Task requirements: In duplicating the lines below, keep every word unchanged and drop the pictures.

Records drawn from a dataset
⁂

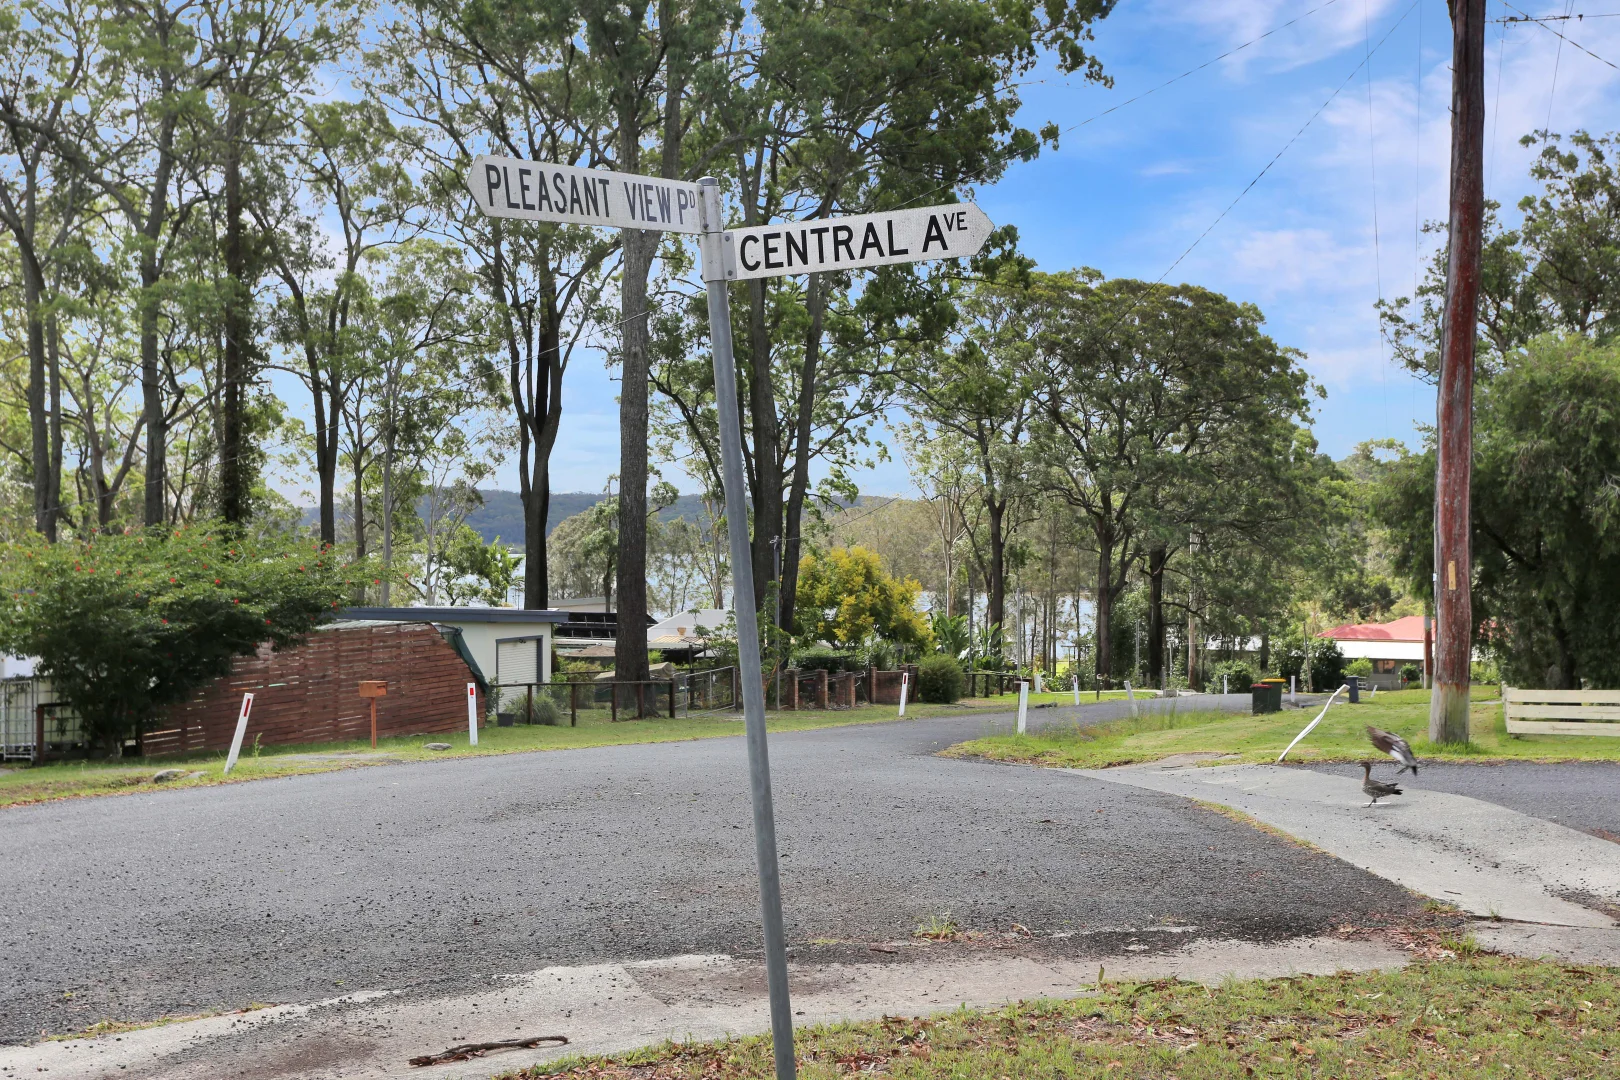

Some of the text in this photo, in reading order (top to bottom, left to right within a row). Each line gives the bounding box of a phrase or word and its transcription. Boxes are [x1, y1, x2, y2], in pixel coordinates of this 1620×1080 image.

[486, 164, 611, 218] PLEASANT
[625, 179, 673, 224] VIEW
[740, 211, 969, 272] CENTRAL AVE
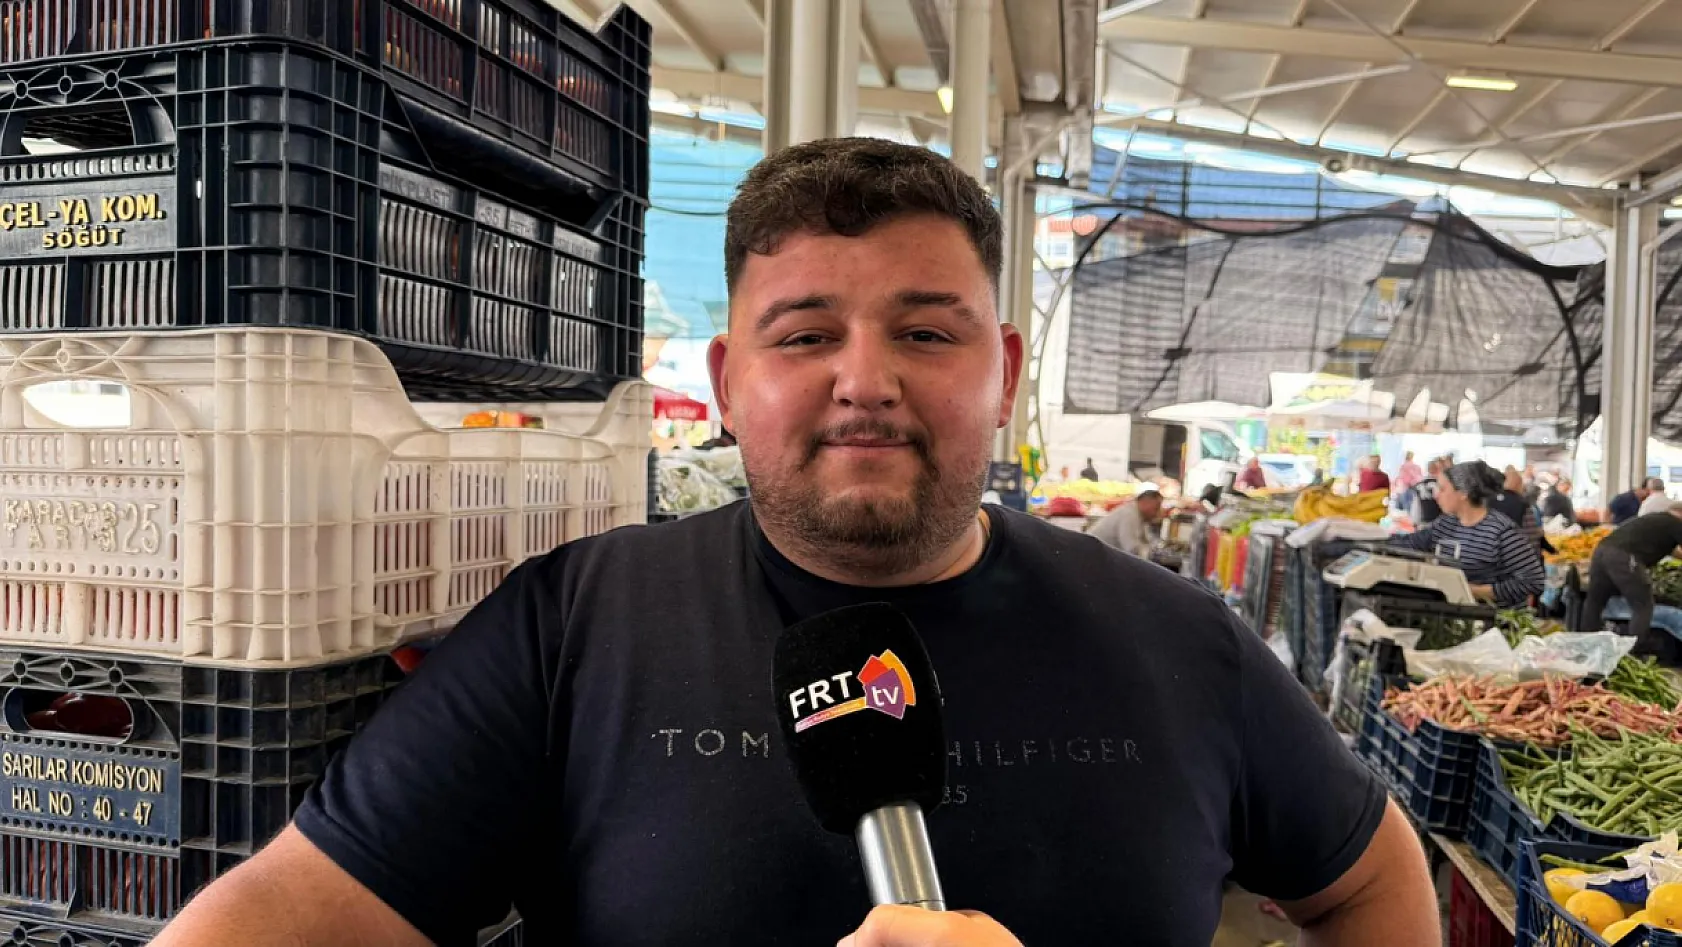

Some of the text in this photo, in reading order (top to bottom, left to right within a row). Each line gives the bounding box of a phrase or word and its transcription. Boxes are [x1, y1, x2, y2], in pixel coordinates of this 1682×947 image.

[102, 194, 164, 221] KOM.
[43, 226, 123, 248] SÖĞÜT
[123, 503, 161, 555] 25
[789, 670, 853, 719] FRT
[871, 686, 899, 707] tv
[659, 728, 1143, 767] TOM HILFIGER
[2, 752, 162, 793] SARILAR KOMİSYON
[12, 785, 42, 812] HAL
[49, 791, 74, 817] NO
[93, 796, 112, 822] 40
[133, 801, 153, 827] 47
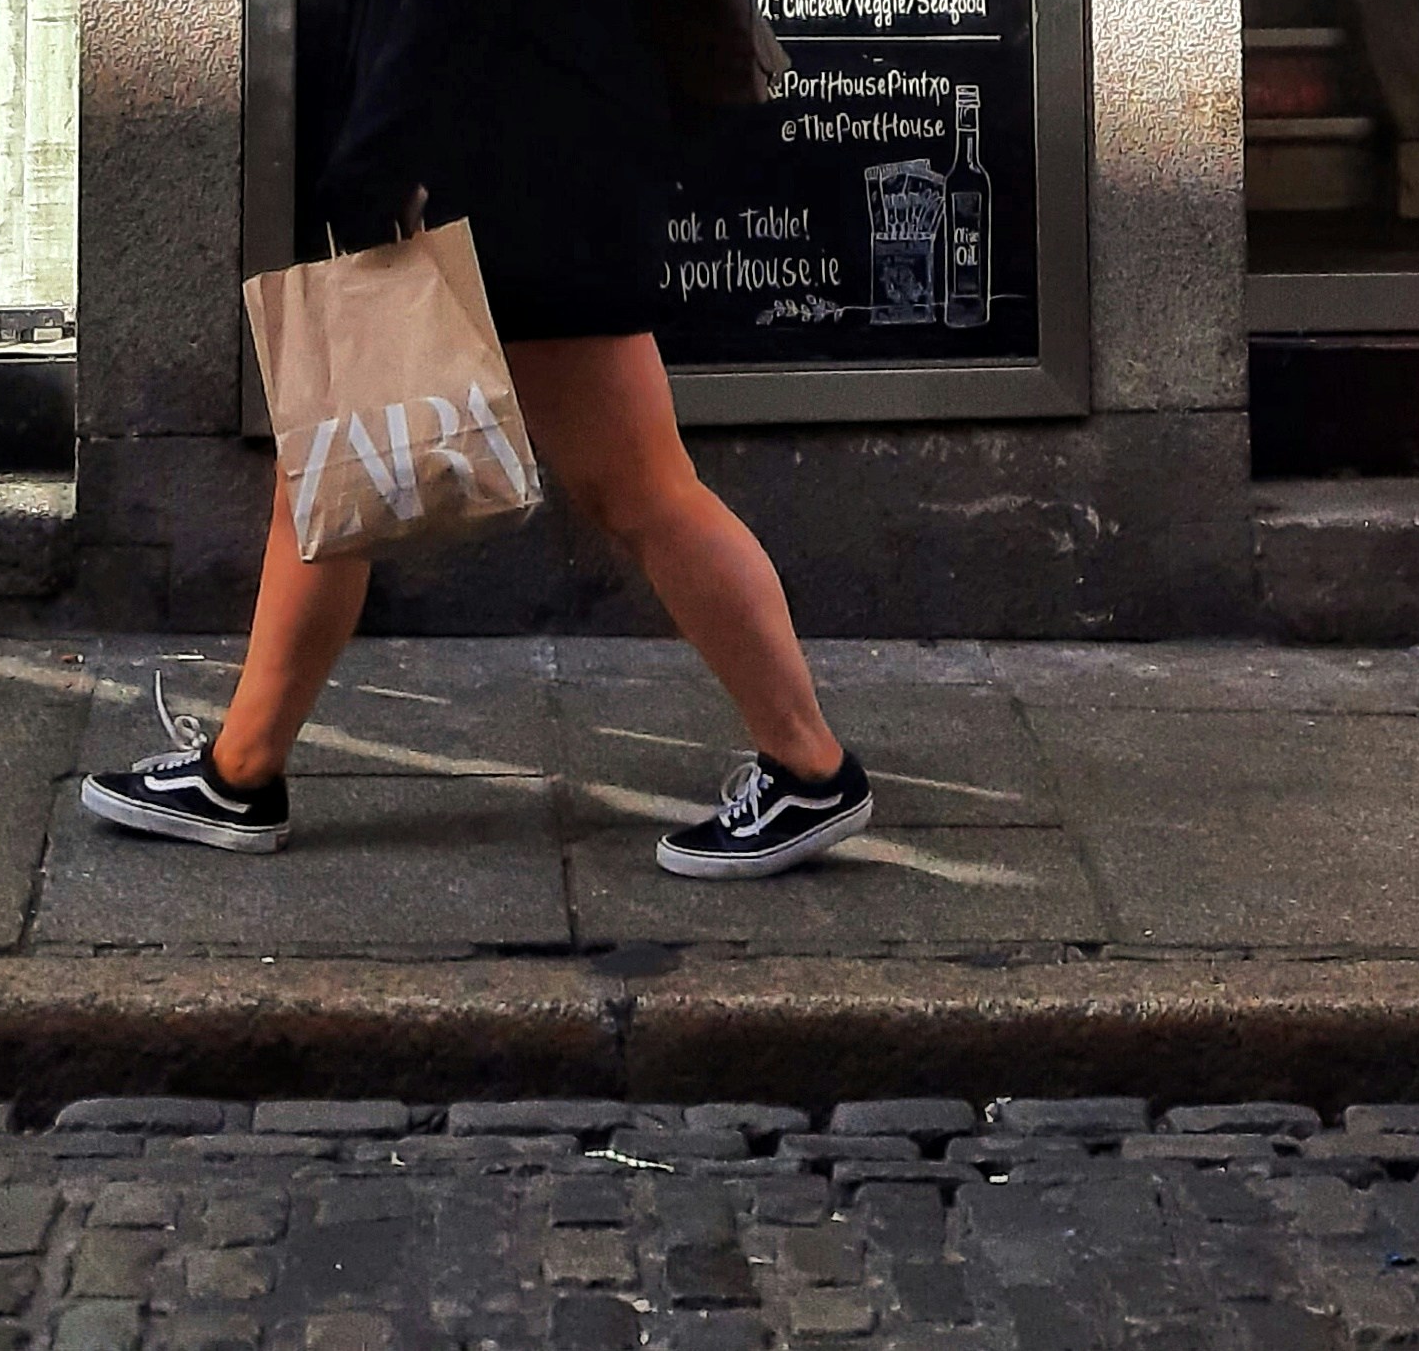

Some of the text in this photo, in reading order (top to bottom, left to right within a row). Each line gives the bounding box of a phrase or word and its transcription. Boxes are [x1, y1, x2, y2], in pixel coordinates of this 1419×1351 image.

[781, 113, 946, 144] @ThePortHouse
[667, 206, 811, 244] ook a Table!
[680, 249, 842, 302] porthouse.ie
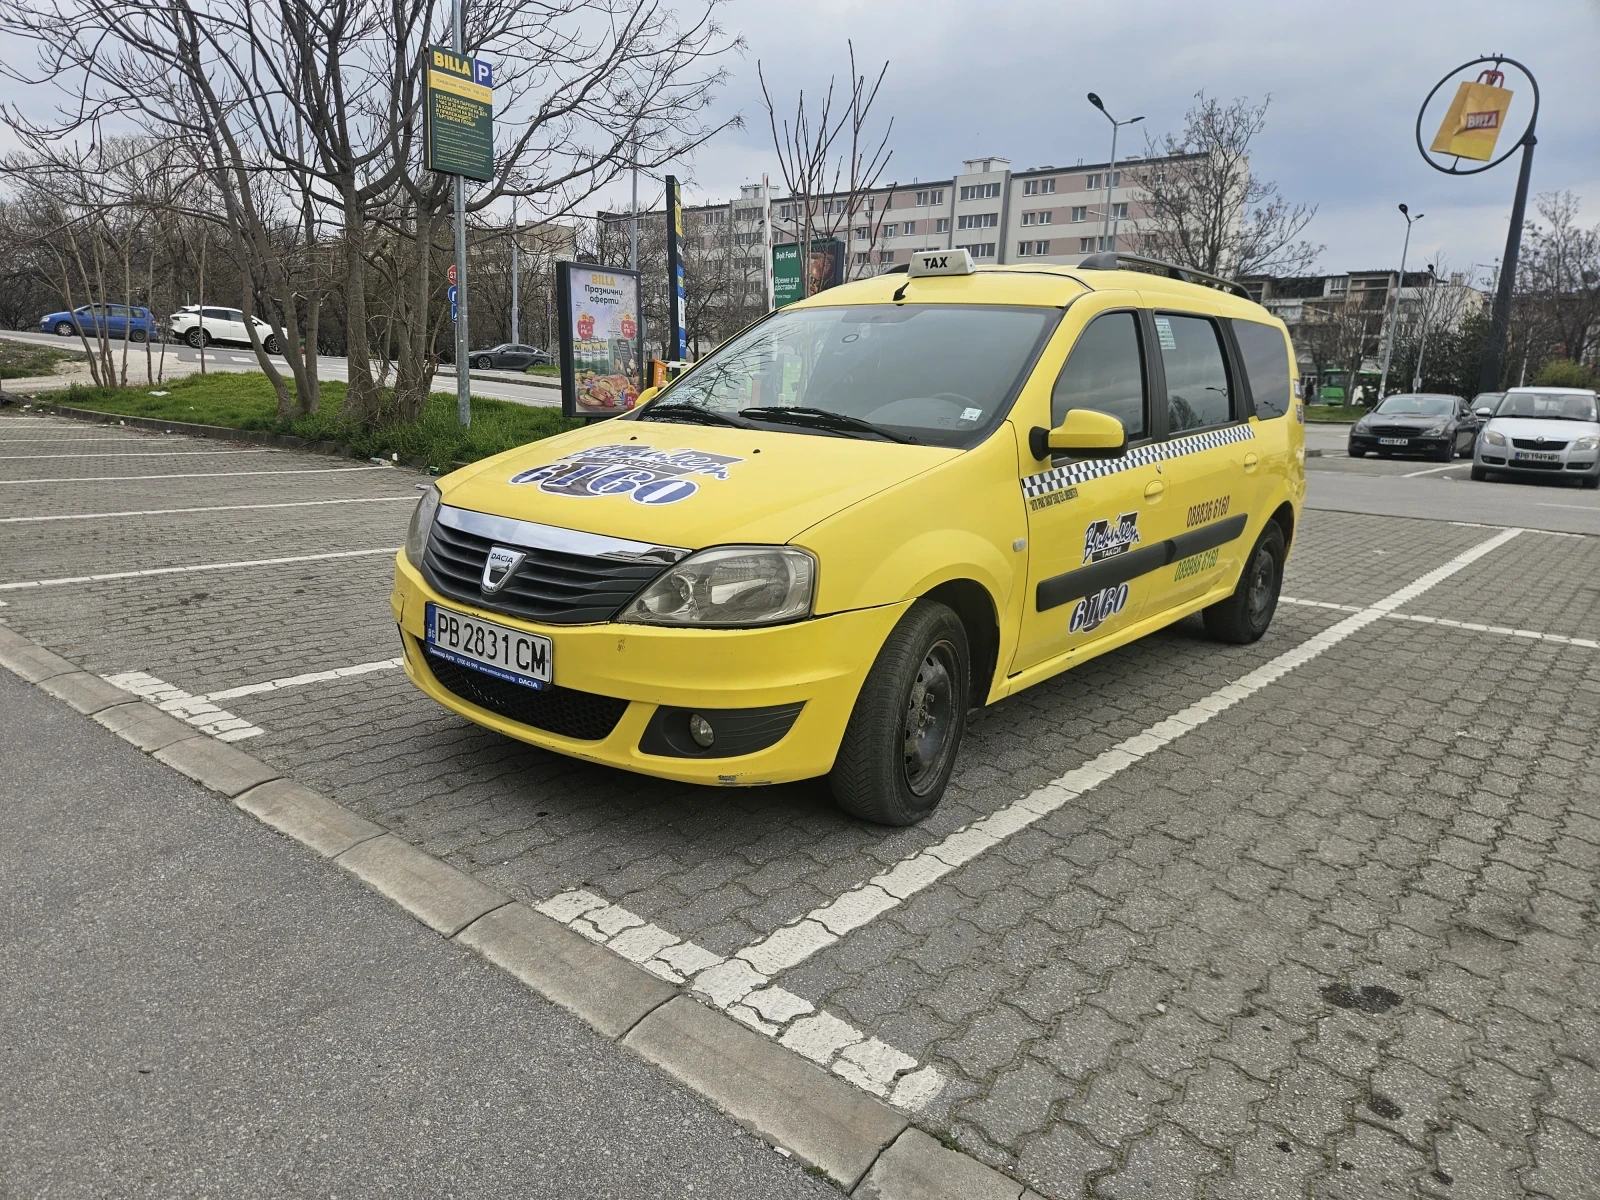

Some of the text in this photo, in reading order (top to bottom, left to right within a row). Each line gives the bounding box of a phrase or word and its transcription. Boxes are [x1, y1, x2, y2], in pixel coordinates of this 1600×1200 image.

[434, 51, 472, 76] BILLA
[477, 64, 489, 82] P
[1466, 114, 1498, 128] BILLA
[786, 250, 796, 258] Food
[591, 274, 616, 287] BILLA
[774, 276, 790, 286] Време
[584, 284, 623, 296] Празнични
[590, 295, 619, 305] оферти
[508, 463, 700, 506] 6160
[1213, 494, 1230, 519] 6160
[491, 552, 514, 564] DACIA
[1102, 547, 1122, 558] ТАКСИ
[1201, 548, 1220, 571] 6160
[1068, 584, 1129, 634] 6160
[428, 628, 436, 638] BG
[518, 678, 538, 689] DACIA

⁂

Solution:
Some of the text in this photo, in reading order (top to bottom, left to right within a row). Each line gives the bounding box of a phrase or word and its transcription. Boxes are [x1, y1, x2, y2], in pixel coordinates of this 1620×1080 image.

[486, 164, 611, 218] PLEASANT
[625, 179, 673, 224] VIEW
[740, 211, 969, 272] CENTRAL AVE

Some of the text in this photo, in reading order (top to bottom, left to right within a row). Each line gives the bounding box of a phrase or word and its transcription. Boxes are [x1, y1, x2, y2], in pixel coordinates of this 1682×947 image.

[102, 194, 164, 221] KOM.
[43, 226, 123, 248] SÖĞÜT
[123, 503, 161, 555] 25
[789, 670, 853, 719] FRT
[871, 686, 899, 707] tv
[659, 728, 1143, 767] TOM HILFIGER
[2, 752, 162, 793] SARILAR KOMİSYON
[12, 785, 42, 812] HAL
[49, 791, 74, 817] NO
[93, 796, 112, 822] 40
[133, 801, 153, 827] 47

Some of the text in this photo, in reading order (top to bottom, left to right within a row). Each line gives the bounding box of a phrase or word and its transcription. Boxes are [x1, y1, x2, y2], in pixel coordinates of this 1419×1351 image.

[781, 113, 946, 144] @ThePortHouse
[667, 206, 811, 244] ook a Table!
[680, 249, 842, 302] porthouse.ie

Some of the text in this photo, in reading order (top to bottom, left to right within a row). Each line gives the bounding box of a phrase or word and its transcription. Boxes are [x1, y1, x2, y2], in pixel coordinates of this 1600×1200 image.

[434, 51, 472, 76] BILLA
[477, 64, 489, 82] P
[1466, 114, 1498, 128] BILLA
[786, 250, 796, 258] Food
[591, 274, 616, 287] BILLA
[774, 276, 790, 286] Време
[584, 284, 623, 296] Празнични
[590, 295, 619, 305] оферти
[508, 463, 700, 506] 6160
[1213, 494, 1230, 519] 6160
[491, 552, 514, 564] DACIA
[1102, 547, 1122, 558] ТАКСИ
[1201, 548, 1220, 571] 6160
[1068, 584, 1129, 634] 6160
[428, 628, 436, 638] BG
[518, 678, 538, 689] DACIA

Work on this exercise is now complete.